Most of the world’s bicycle and cycling components are produced in concentration between China and Taiwan. Road bikes. Kids bikes. Mountain bikes. They are all built in the Far East.
The current trade tension between the U.S. and China is
pressuring that global bicycle supply chain and forcing manufacturers to
consider geographic alternatives.
Giant is not only a popular mountain bike brand in South
Africa, it also happens to be the world’s largest producer of bicycles. The Taiwanese
industrial powerhouse started off as a contract manufacturer for American
brand, Schwinn, before realising that it could absorb marketing functions and
service customers with its own brand.
As the world’s largest bicycling brand, Giant is uniquely
aware of any impact that sourcing and supply chain tariffs would have on its
global customer distribution.
The company’s new reality is that China cannot be a single source location for bicycle frames or components anymore. With the U.S. trade tariffs adding roughly R1400 to each frame produced in China, there is a new reality for Giant, its rivals and the global cycling community at large.
The cost of finding neutral production nodes
Alternative locations, which sit outside the discomfort of the current U.S./China trade war, are now being activated to reinforce the global cycling supply chain.
For Giant, the move has been simple: it has taken some of its Chinese bicycle production and shifted it to locations not at strain with the U.S., which remains where many of its high-end customers are.

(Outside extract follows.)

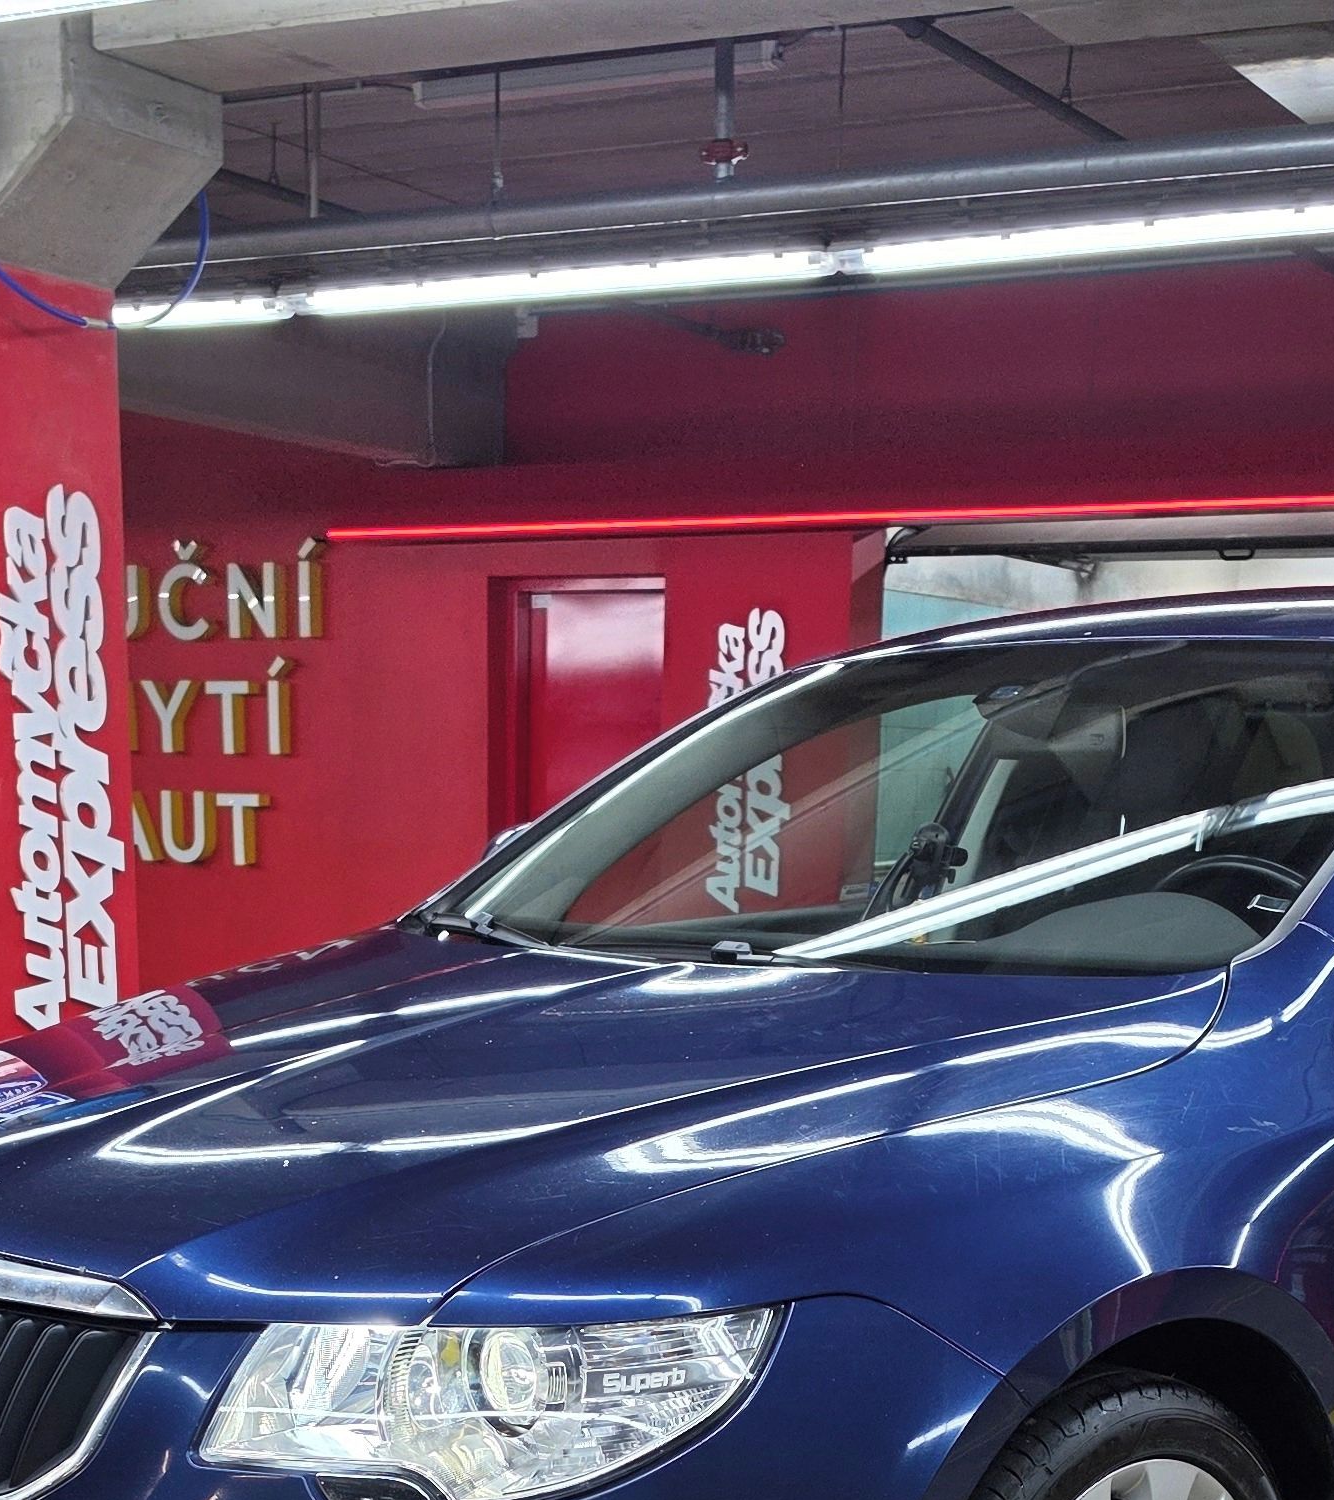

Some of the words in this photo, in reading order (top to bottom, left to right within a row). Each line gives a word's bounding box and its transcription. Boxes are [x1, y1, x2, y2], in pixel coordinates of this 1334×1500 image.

[46, 483, 124, 1007] Express
[129, 656, 291, 755] YTÍ
[603, 1365, 686, 1394] Superb

Curiously, the bicycle frame volumes that Giant once sourced
from China will now partly be serviced by a new factory, commissioned in
Hungary. Giant’s other global manufacturing sites are in the Netherlands and
its home market of Taiwan.
Considering its sales volumes and the presence of five
assembly facilities in China, Giant was more exposed to the simmering U.S/China
trade tensions than most.
Although South Africa enjoys healthy relations with China,
especially in terms of trade, the movement of production of out the People’s
Republic, to locations with stronger currencies, could risk a spate of price
escalations in the coming year or two.
For the bicycle industry, any move out of China will have severe scaling risks and adjustments in labour pricing.
The economies of scale which have held margins steady over the past decade have now been radically pressured by the trade tariffs.
At a time when global demand for mountain bike products are
escalating, especially in South Africa, the trade war has added an unpredictable
layer of risk management for cycling brands.